Yirminci Yüzyılın önemli ressam ve şairlerinden olan Lübnan asıllı Amerikalı Halil Cibran’ın 1923 yılında yazdığı; “Çocuklarınız sizin çocuklarınız değil…” adlı şiirinin şu günlerde popüler olduğunu gözlemliyoruz.
Ben de merak edip şöyle bir edebi gözle inceledim. İlk okuduğunuzda şiirselliği kulağa hoş geliyor, ancak satır satır okuduğunuzda, şiirin arka planda zihnimize farklı bir fikir ve ideoloji üfürdüğünün farkına varıyorsunuz. Şairin filozofluğunu da işin içine katarsak, yine şu günlerde Batı’nın getirdiği -Cinnet Çağın- mimarlarından biri gibi geldi bana. Kısaca; “Çocuklarınızı salın gitsin!” diyor, sanki şair… Hani şikayetçi olduğumuz ‘Z’ kuşağı var ya başına buyruk…
Aslında daha uzunca bir şiir tahlili yapabiliriz, ancak ben bu şiire kendi tasavvurumdan nazire yapmayı tercih ettim. Önce Halil Cibran’ın şiirini, sonra da Naziremizi paylaşıyorum aşağıda:
Çocuklarınız sizin çocuklarınız değil,
Kendi yolunu izleyen Hayat’ın oğulları ve kızları onlar.
Sizin aracılığınızla geldiler ama sizden gelmediler
Ve sizinle birlikte olsalar da size ait değiller.

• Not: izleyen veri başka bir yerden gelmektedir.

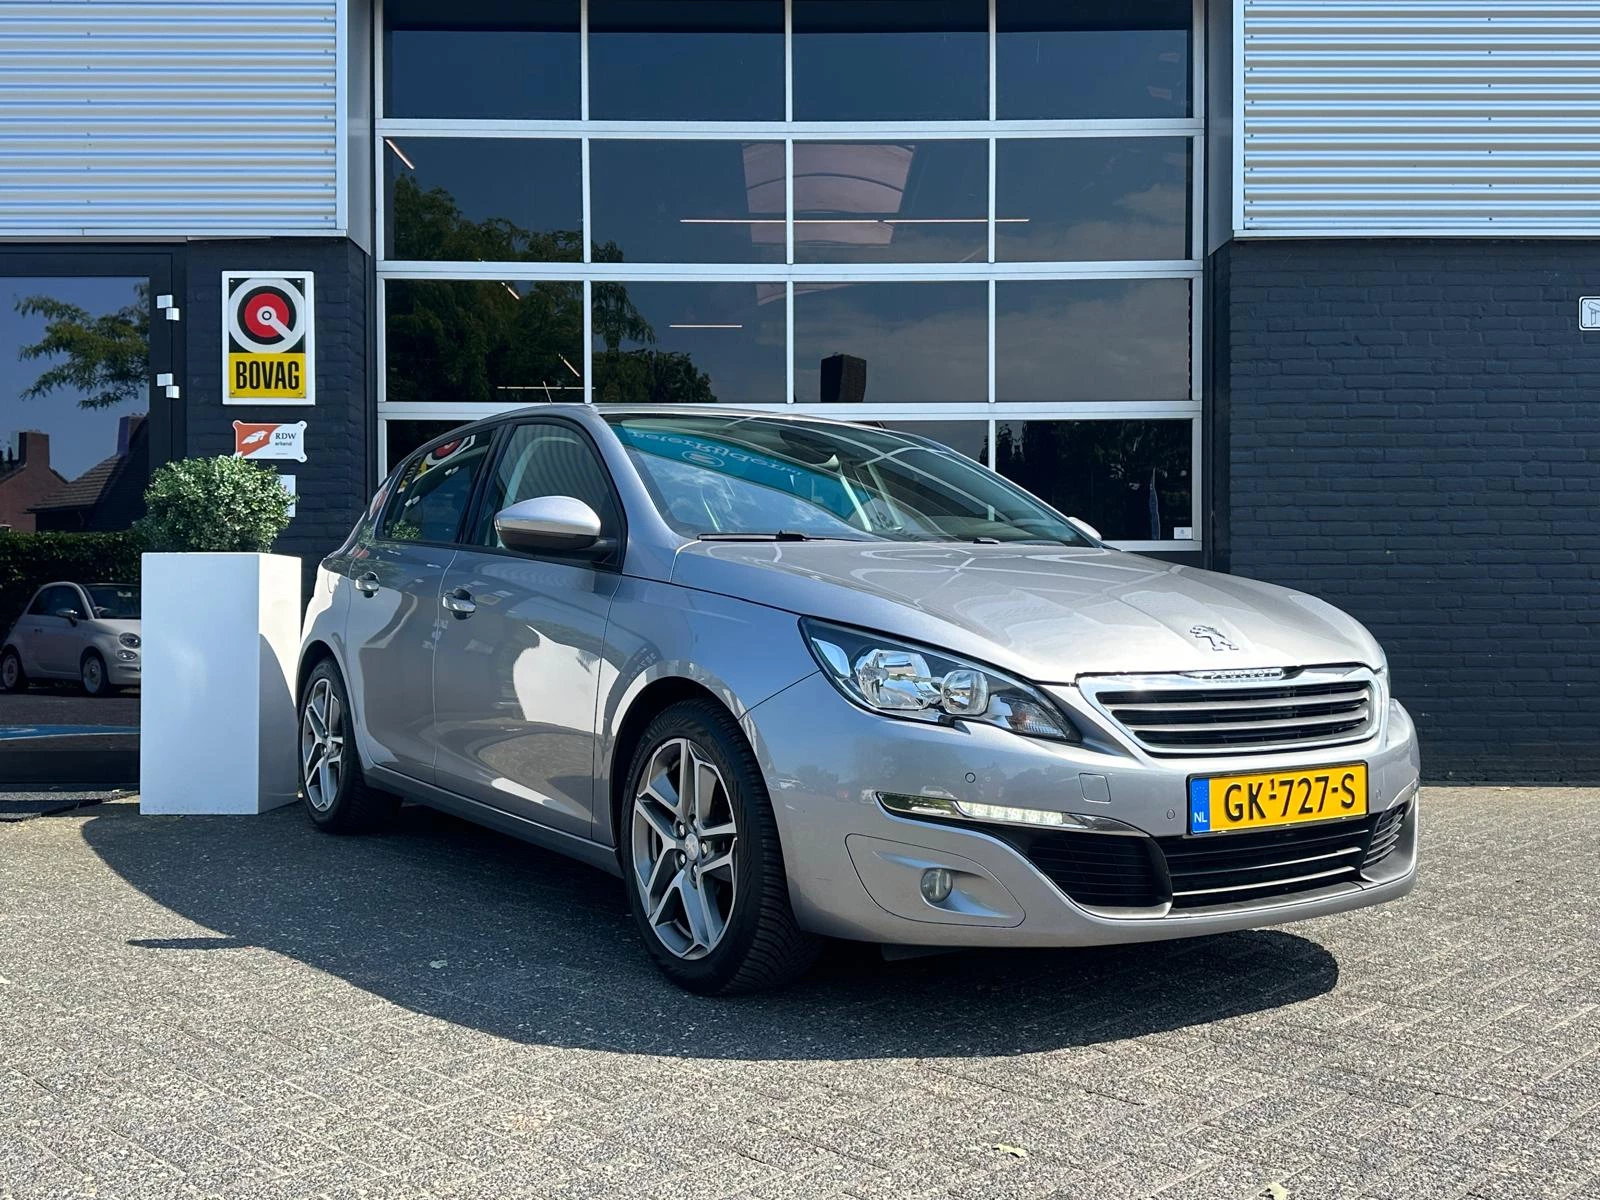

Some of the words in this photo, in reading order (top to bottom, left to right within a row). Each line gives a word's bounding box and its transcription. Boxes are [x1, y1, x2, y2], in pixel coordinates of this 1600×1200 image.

Onlara sevginizi verebilirsiniz, düşüncelerinizi değil.
Çünkü onların da kendi düşünceleri vardır.
Bedenlerini tutabilirsiniz, ruhlarını değil.
Çünkü ruhlar yarındadır,
Siz ise yarını düşlerinizde bile göremezsiniz.
Siz onlar gibi olmaya çalışabilirsiniz ama sakın onları
Kendiniz gibi olmaya zorlamayın.
Çünkü hayat geriye dönmez, dünle de bir alışverişi yoktur.
Siz yaysınız, çocuklarınız ise sizden çok ilerilere atılmış oklar.
Okçu, sonsuzluk yolundaki hedefi görür
Ve o yüce gücü ile yayı eğerek okun uzaklara uçmasını sağlar.
Okçunun önünde saygıyla eğilin
Çünkü okçu, uzaklara giden oku sevdiği kadar
Başını dimdik tutarak kalan yayı da sever.
Halil Cibran (Kahlil Gibran)
Halil Cibran’a Nazire
O çocuklar, bizim çocuklarımız;
Atasının yolunu izleyen,
Geçmişi geleceğe taşıyan kızlarımız ve oğullarımız.
Bir anne babadan geldiler ve aynı genlerdenler,
Ve bizimle birlikte olmasalar da bazen, yine de bizimler.
Onlara sevgimizi de verebiliriz düşüncelerimizi de;
Kendi düşünceleri onları daha da yukarı taşır.
Bedenleri kendilerine ait olsa da bizlerden bir şeyler vardır;
Onlar ruhlarımızda çiçekler açtıran mutluluk kaynağımızdır.
Çocuklarımız bizim düşlerimiz değil hayallerimizdir;
Hikâyelerimizle büyütüp, destanlarımızla yürüttüğümüz.
Hayat geçmişten geleceğe akar, nesiller yoluyla aktarılarak;
Bugünleri bilmeden yarınlar, dünü bilmeden de bugün anlaşılmaz.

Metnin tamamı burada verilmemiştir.